さらに、本発明の前記方法および組成物の全てについて、ギンコライドBが使用されるのが好ましい。
【0028】
[詳細な説明]
"イチョウのテルペノイド"という用語は、合成されたイチョウのテルペノイドおよび薬剤的に活性な誘導体およびその塩ならびにその混合物ばかりでなく裸子植物の木のイチョウに由来する天然のテルペンの全てを含む。イチョウのテルペノイドの例は、ギンコライドを含む。イチョウのテルペノイドの例は、P.Braquet編集のJ. R. Provs. Science Publishers(1988)のギンコライド、化学、生物学、薬理学および臨床的考え方; F.V. DeFeudis、イチョウの抽出物(EGB761(登録商標)); 薬理的活性および臨床応用、Elsevier、章II(1991)に開示されている。
【0029】
本明細書にて用いられる"ギンコライド"という用語は、非-毒性の薬剤的に活性なその誘導体と同様、上記に引用した本に開示される様々なギンコライドを含む。ギンコライド誘導体の例には、テトラヒドロ誘導体、アセチル誘導体、ならびにOkabeら、J. Chem. Soc. (c), pp. 2201-2206 (1967)で開示された一酢酸誘導体および三酢酸誘導体などのアルキルエステルを含む。ギンコライドBは次の構造を有し、そして本明細書における使用の場合は、単離されたギンコライドBを意味する:
【0030】
【化1】

【0031】
本明細書において使用される"イチョウの抽出物"という用語は、イチョウの木の葉に由来するテルペノイドを含む天然分子の集合を含む。好ましくは、抽出物は、EGB761(登録商標)として知られるイチョウの抽出物の特定の製剤である。
【0032】
本明細書において使用される"治療する"という用語は、"治療する"という言葉が何の言葉に従ったとしても、防止、阻害およびまたは減少を意味し、例えば、癌細胞の増殖を治療するということは、癌細胞の増殖を妨げおよび阻害し、さらに、およびまたは増殖の度合いもしくは率を減少させることを意味する。
【0033】
PBR発現レベルは、癌もしくは腫瘍の診断または予後の目的のために、いくつかのレベルで検出され得る。当該技術分野で公知の標準的な方法を用いて、PBR RNAの検出および定量のためのアッセイが設計され、そして該アッセイには、数ある中でも、ノーザンハイブリッド形成アッセイ、in situハイブリッド形成アッセイおよびPCRアッセイが含まれる。核酸ハイブリッド形成方法の一般的な記載については、例えば、Maniatis, FitschおよびSambrook, 分子クローニング;実験マニュアル(1982)またはDNAクローニング、号IおよびII(D.N. Glover ed. 1985)、または分子生物学における現在のプロトコール、Ausubel, F. M.ら(Eds),Wiley & Sons, Incを参照されたい。
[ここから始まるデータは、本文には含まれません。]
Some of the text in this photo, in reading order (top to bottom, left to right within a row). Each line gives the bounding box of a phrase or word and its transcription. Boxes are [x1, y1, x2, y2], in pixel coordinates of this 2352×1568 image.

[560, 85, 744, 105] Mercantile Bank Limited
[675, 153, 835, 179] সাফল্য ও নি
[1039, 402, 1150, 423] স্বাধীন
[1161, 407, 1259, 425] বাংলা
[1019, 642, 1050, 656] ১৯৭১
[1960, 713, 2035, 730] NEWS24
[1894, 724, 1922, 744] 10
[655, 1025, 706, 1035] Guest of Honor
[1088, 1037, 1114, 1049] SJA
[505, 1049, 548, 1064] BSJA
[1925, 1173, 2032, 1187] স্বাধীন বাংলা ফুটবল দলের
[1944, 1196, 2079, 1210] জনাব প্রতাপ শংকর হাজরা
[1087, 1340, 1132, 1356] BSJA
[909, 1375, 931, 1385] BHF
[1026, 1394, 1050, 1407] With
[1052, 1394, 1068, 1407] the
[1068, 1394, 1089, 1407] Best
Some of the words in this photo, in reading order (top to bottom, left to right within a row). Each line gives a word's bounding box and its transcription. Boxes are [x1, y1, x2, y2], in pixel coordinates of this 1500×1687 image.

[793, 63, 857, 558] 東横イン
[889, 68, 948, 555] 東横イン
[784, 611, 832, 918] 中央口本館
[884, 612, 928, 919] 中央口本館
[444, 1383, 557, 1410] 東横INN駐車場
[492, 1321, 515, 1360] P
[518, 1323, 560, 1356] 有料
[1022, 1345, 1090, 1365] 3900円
PBR RNA検出のためのポリヌクレオチドプローブは、ヒトPBR配列のアクセスナンバーL21950で入手可能な配列から設計され得る(Riond, J.ら(1991) Eur. J. Biochem. 195:305-311; Chang, Y. J.ら(1992) DNA and Cell Biol. 11: 471-480)。ウシ(Parola, A. L. ら(1991) J. Biol. Chem 266:14082-14087)およびマウス(Garnier, M.ら(1994) Mol Phar. 45:201-211)などの他のソースからのPBR配列もまた知られている。
【0034】
正常型または突然変異型のPBRの完全配列は、RNA発現を検出するためのプローブに用いられ得る。代替的に、配列の一つの部分または複数の部分も用いられ得る。プローブの設計方法は当該技術分野において知られている。ポリヌクレオチド配列は、好ましくはPBR遺伝子の領域に相同であるかまたは相補的であり、好ましくは、ポリヌクレオチドが由来する領域の配列はPBR遺伝子に特有な配列に相同または相補的である。配列がPBR遺伝子に特有であろうとなかろうと、配列は当該技術分野の当業者に公知の技術により決定され得る。例えば、配列は、データバンク、例えばGenBank内の配列と比較され得る。典型的なDNA配列が由来し得る領域は、例えば、非-転写および/または非-翻訳領域だけでなく特異的なエピトープをコードする領域を含むが、これらに限定されない。
【0035】
PBRリガンドもしくは抗-PBR抗体、またはPBRを検出できるリガンドおよび抗体のフラグメントは、乳癌などの疾患に対する診断および予後に使用される様々な標識および標識方法、特に陽電子放出断層撮影(PET)および核磁気共鳴影像法(MRI)(Leong, D.ら(1996) Alcohol Clin. Exp. Res. 20: 601-605)などのアッセイに対する様々な標識および標識方法を用いて標識化され得る。本発明で使用され得る標識タイプの例には、酵素標識、放射性同位体標識、非-放射性同位体標識および化学発光標識が含まれるが、これらに限定されない。
【0036】
適切な酵素標識の例には、マレイン酸デヒドロゲナーゼ、ブドウ球菌ヌクレアーゼ、デルタ-5-ステロイドイソメラーゼ、酵母-アルコールデヒドロゲナーゼ、アルファ-グリセロールリン酸デヒドロゲナーゼ、トリオースリン酸イソメラーゼ、ペルオキシダーゼ、アルカリフォスファターゼ、アスパルギナーゼ、グルコースオキシダーゼ、ベータ-ガラクトシダーゼ、リボヌクレアーゼ、ウレアーゼ、カタラーゼ、グルコース-6-リン酸デヒドロゲナーゼ、グルコアミラーゼ、アセチルコリンエステラーゼなどが含まれる。
【0037】
適切な放射性同位体標識の例には、3H、111In、125I、32P、35S、14C、57To、58Co、59Fe、75Se、152Eu、90Y、67Cu、21Ci、211At、212Pb、47Sc、109Pd、11C、19F、123Iなどが含まれる。
【0038】
適切な非-放射性同位体標識の例には、157Gd、55Mn、162Dy、52Tr、46Feなどが含まれる。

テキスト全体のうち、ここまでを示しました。